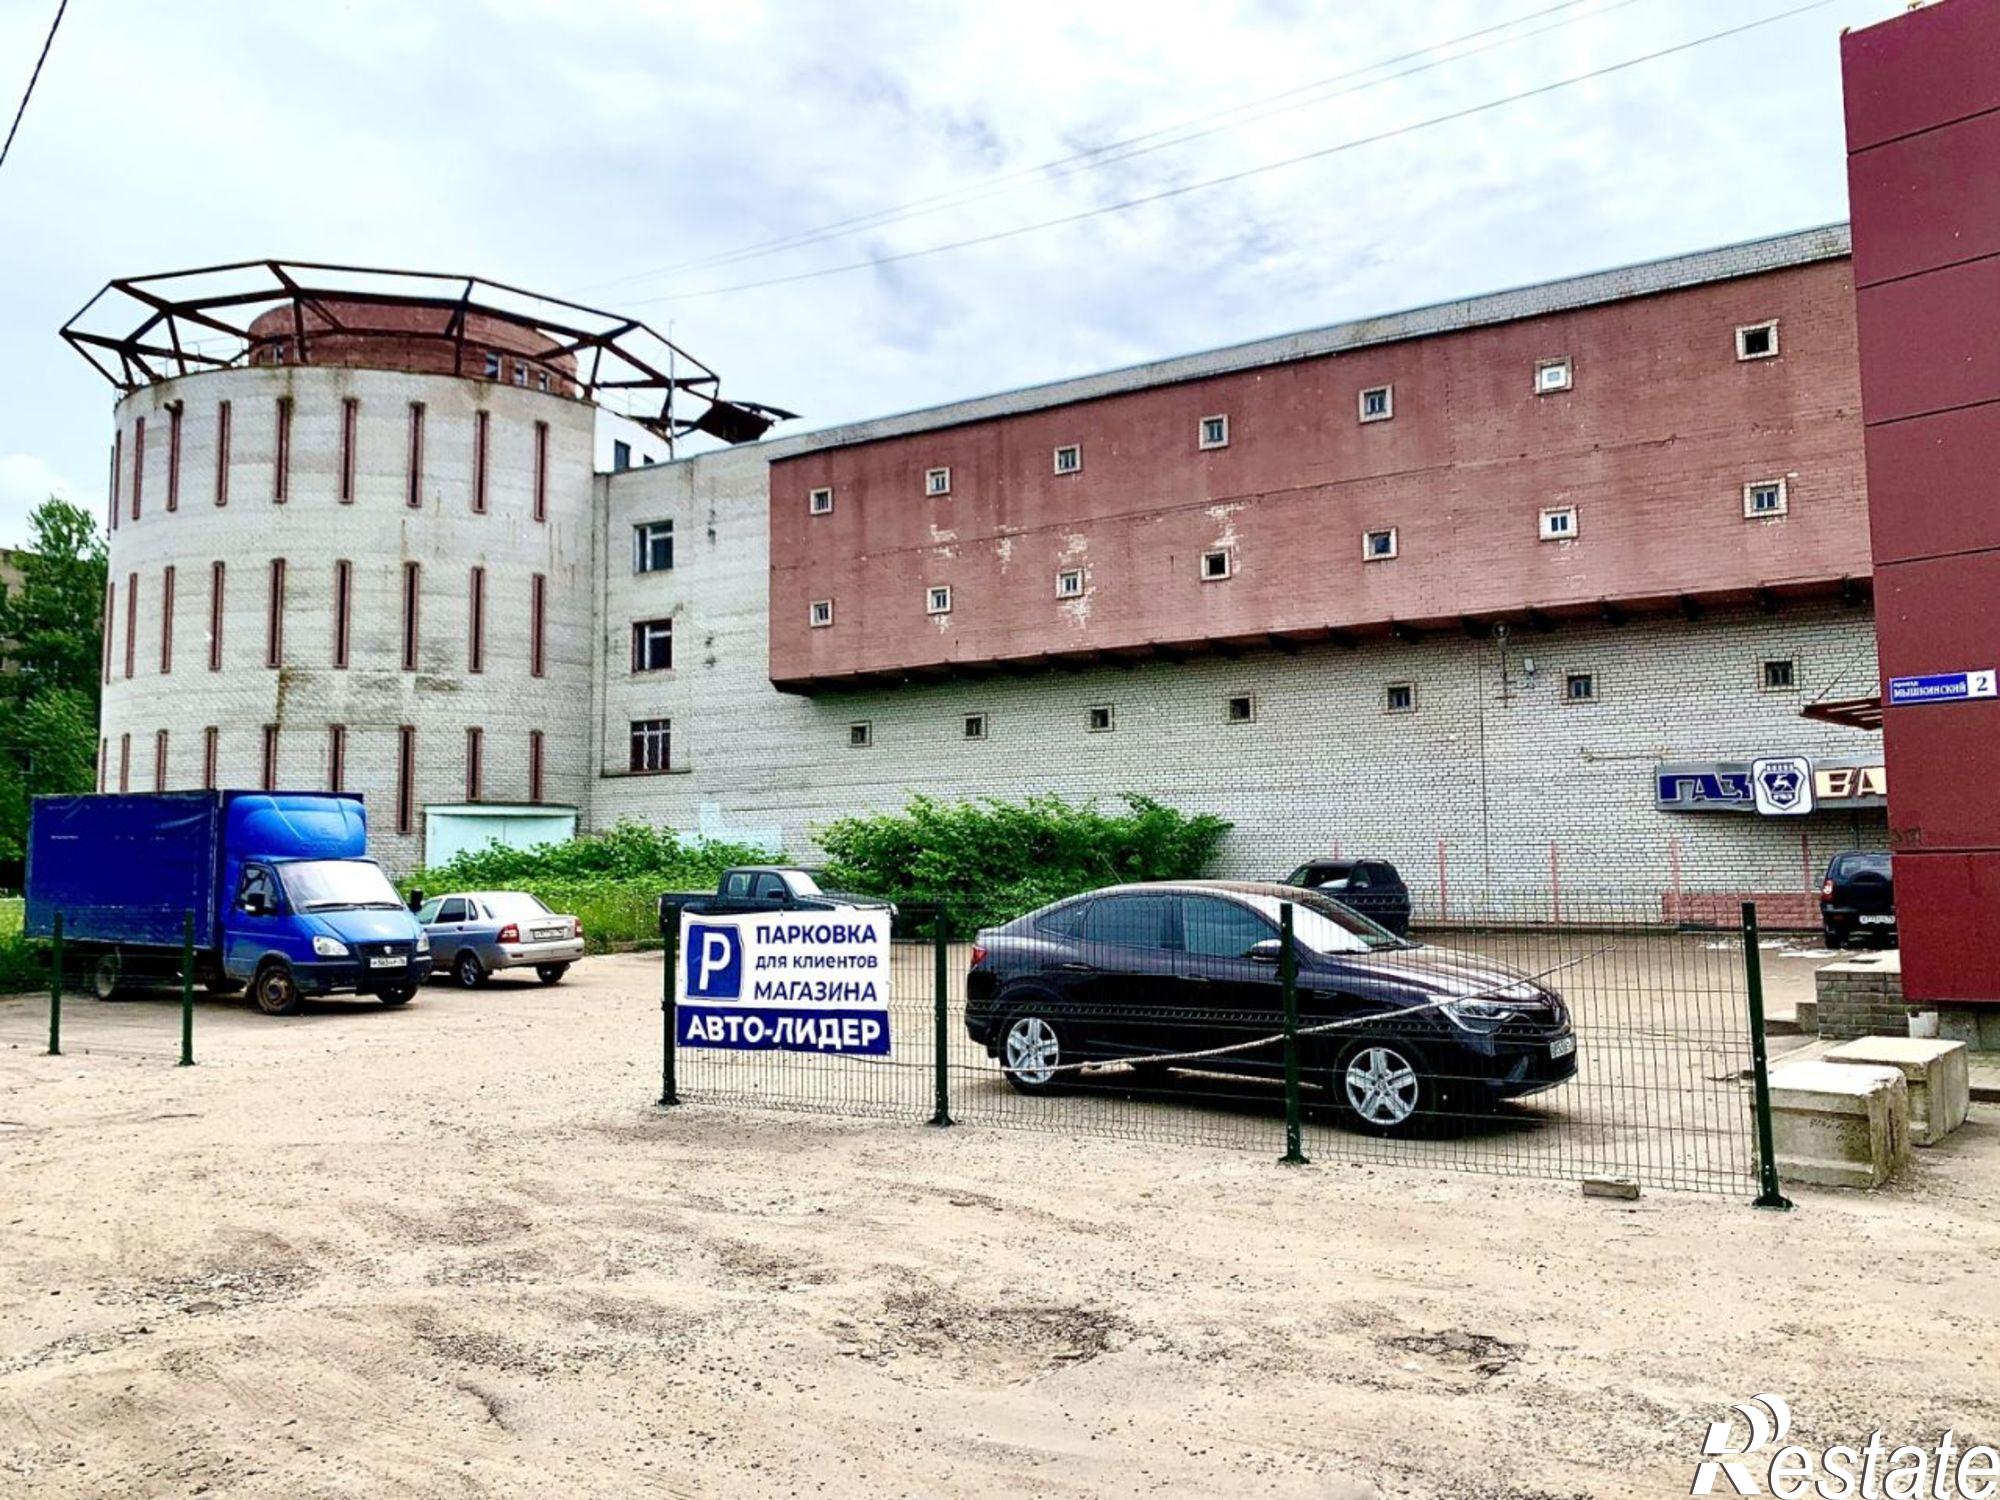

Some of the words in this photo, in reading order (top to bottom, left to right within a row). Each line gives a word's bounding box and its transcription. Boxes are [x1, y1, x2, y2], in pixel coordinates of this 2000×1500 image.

[1893, 681, 1966, 698] МЫШКИНСКИЙ
[1976, 676, 1988, 691] 2
[1658, 772, 1753, 801] ГАЗ
[756, 924, 877, 944] ПАРКОВКА
[755, 955, 787, 971] для
[793, 955, 878, 969] клиентов
[754, 981, 877, 1002] МАГАЗИНА
[686, 1014, 881, 1050] АВТО-ЛИДЕР

_____

» **Problem details**: The pictures in the listing above are to be dropped, and everything else reproduced exactly.

» **Response to the task**:
Some of the words in this photo, in reading order (top to bottom, left to right within a row). Each line gives a word's bounding box and its transcription. Boxes are [x1, y1, x2, y2], in pixel coordinates of this 2000×1500 image.

[1893, 681, 1966, 698] МЫШКИНСКИЙ
[1976, 676, 1988, 691] 2
[1658, 772, 1753, 801] ГАЗ
[756, 924, 877, 944] ПАРКОВКА
[755, 955, 787, 971] для
[793, 955, 878, 969] клиентов
[754, 981, 877, 1002] МАГАЗИНА
[686, 1014, 881, 1050] АВТО-ЛИДЕР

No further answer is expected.